**Description of the task:** Repeat the listing that follows exactly. Pictures are not part of the copy.

=-=-=-=-=

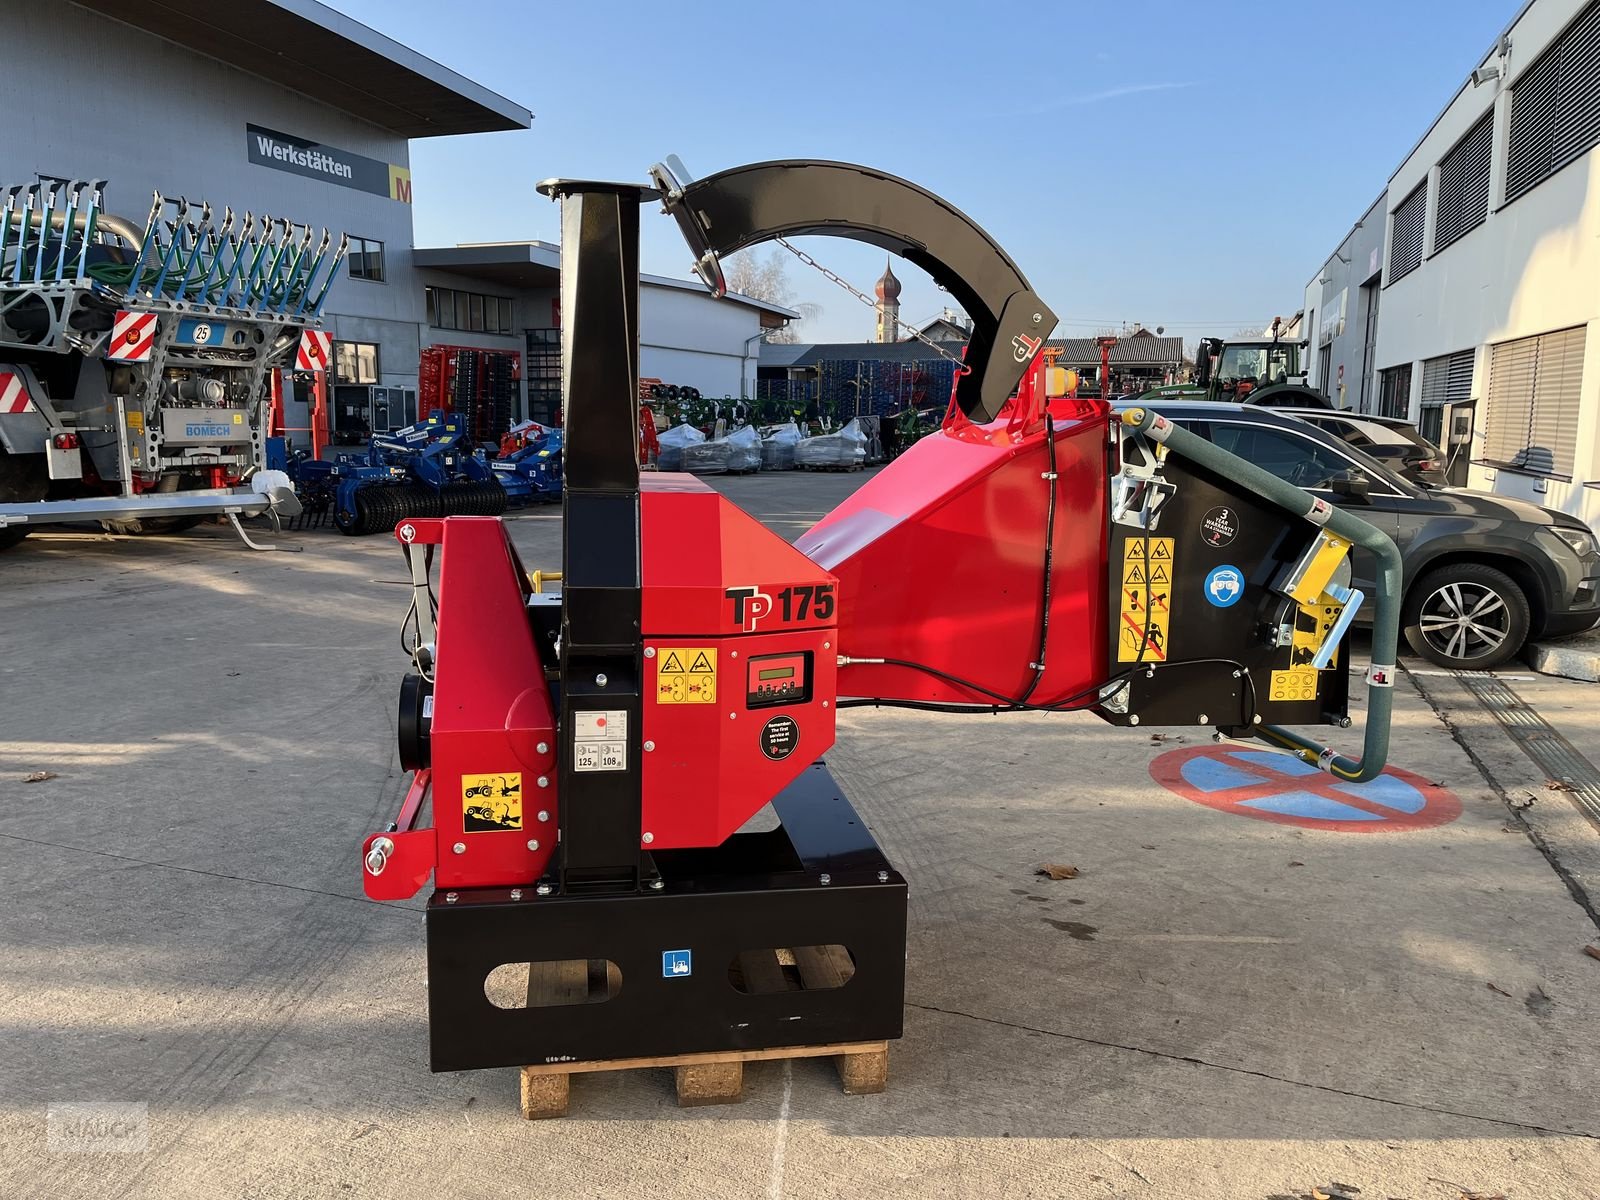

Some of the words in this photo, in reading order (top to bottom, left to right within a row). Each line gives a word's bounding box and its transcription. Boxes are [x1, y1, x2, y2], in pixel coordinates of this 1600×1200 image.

[256, 135, 352, 179] Werkstätten
[196, 328, 208, 339] 25
[1011, 333, 1042, 363] TP
[186, 426, 230, 436] BOMECH
[1220, 509, 1228, 519] 3
[1206, 519, 1234, 532] WARRANTY
[1216, 517, 1228, 526] YEAR
[725, 585, 773, 633] TP
[778, 584, 834, 622] 175
[579, 757, 592, 766] 125
[603, 757, 617, 766] 108
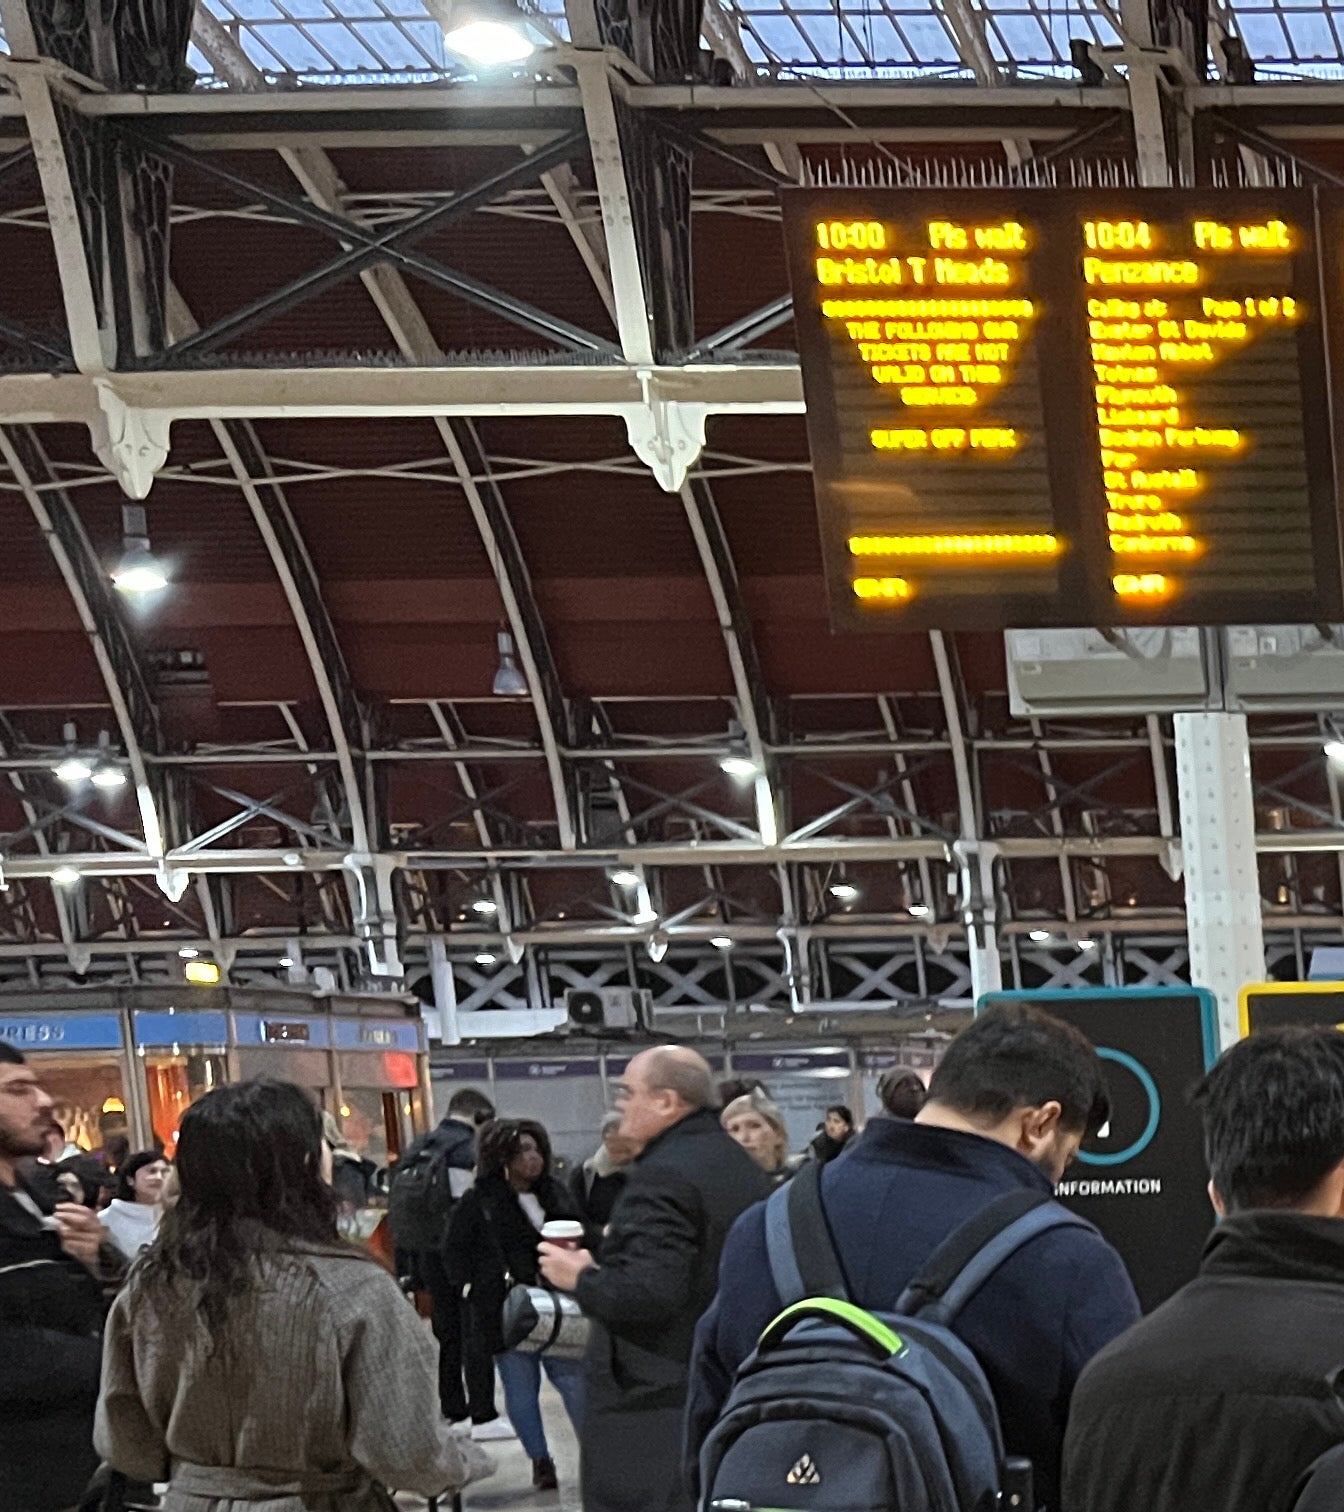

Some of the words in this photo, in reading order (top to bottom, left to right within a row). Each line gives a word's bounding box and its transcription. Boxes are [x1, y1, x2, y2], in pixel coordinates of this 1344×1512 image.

[817, 222, 886, 249] 10:00
[929, 222, 968, 249] Pls
[975, 223, 1026, 250] wait
[1085, 222, 1151, 249] 10:04
[1195, 222, 1233, 249] Pls
[1239, 221, 1289, 249] wait
[1084, 257, 1198, 285] Penzance
[1054, 1179, 1161, 1196] INFORMATION
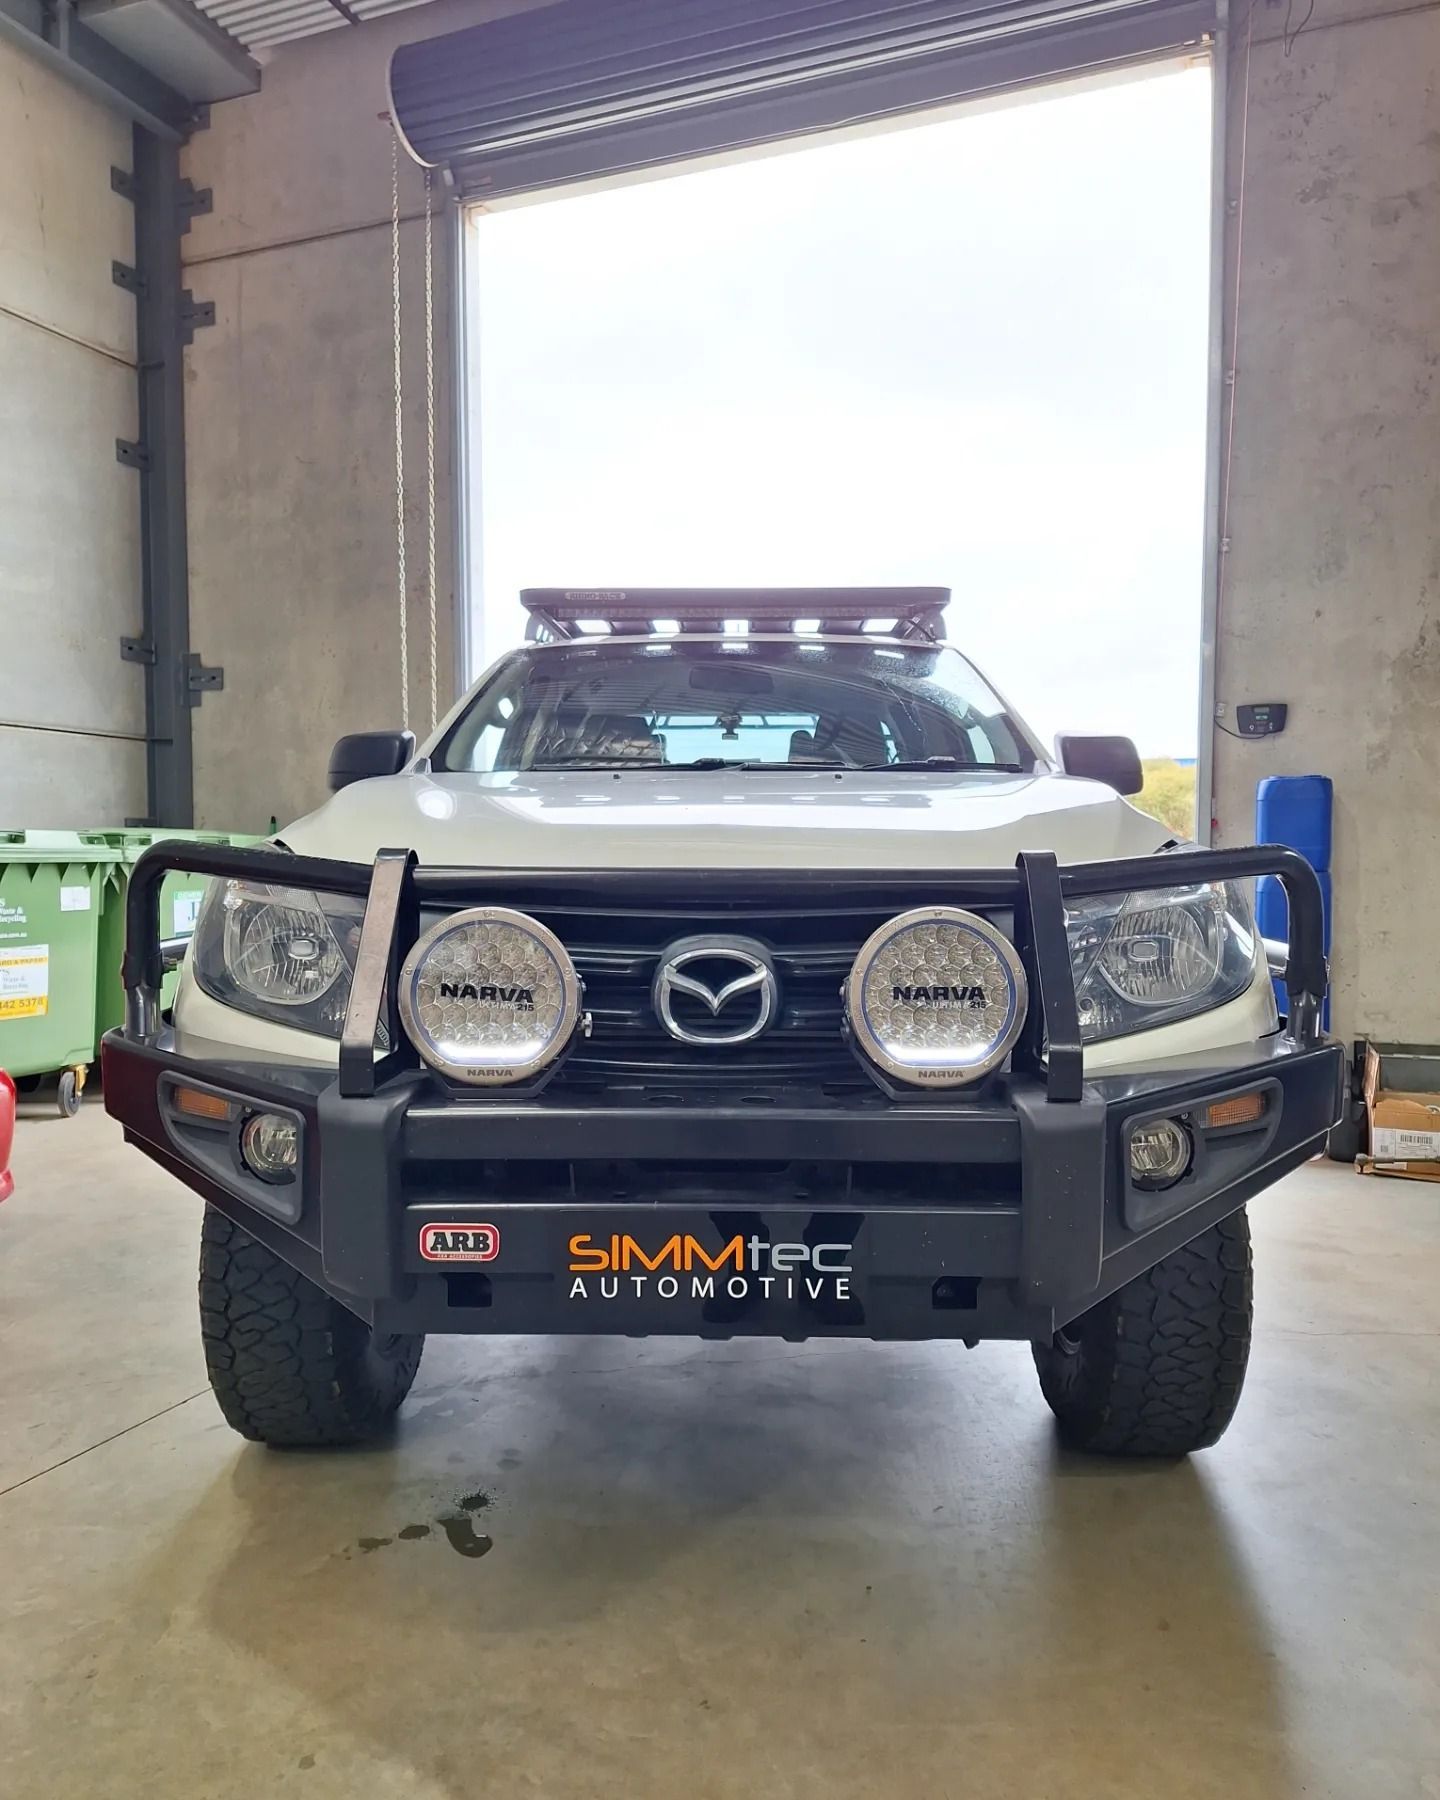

=-=-=-=-=

**Written solution:**
Some of the words in this photo, in reading order (top to bottom, left to right within a row). Each line gives a word's bounding box and its transcription. Boxes are [x1, y1, x2, y2], in pixel coordinates of this 1600×1200 image.

[256, 135, 352, 179] Werkstätten
[196, 328, 208, 339] 25
[1011, 333, 1042, 363] TP
[186, 426, 230, 436] BOMECH
[1220, 509, 1228, 519] 3
[1206, 519, 1234, 532] WARRANTY
[1216, 517, 1228, 526] YEAR
[725, 585, 773, 633] TP
[778, 584, 834, 622] 175
[579, 757, 592, 766] 125
[603, 757, 617, 766] 108

Some of the words in this photo, in reading order (top to bottom, left to right within a row). Each line gives a word's bounding box and its transcription. Boxes are [x1, y1, x2, y2], in pixel coordinates of this 1344×1512 image.

[817, 222, 886, 249] 10:00
[929, 222, 968, 249] Pls
[975, 223, 1026, 250] wait
[1085, 222, 1151, 249] 10:04
[1195, 222, 1233, 249] Pls
[1239, 221, 1289, 249] wait
[1084, 257, 1198, 285] Penzance
[1054, 1179, 1161, 1196] INFORMATION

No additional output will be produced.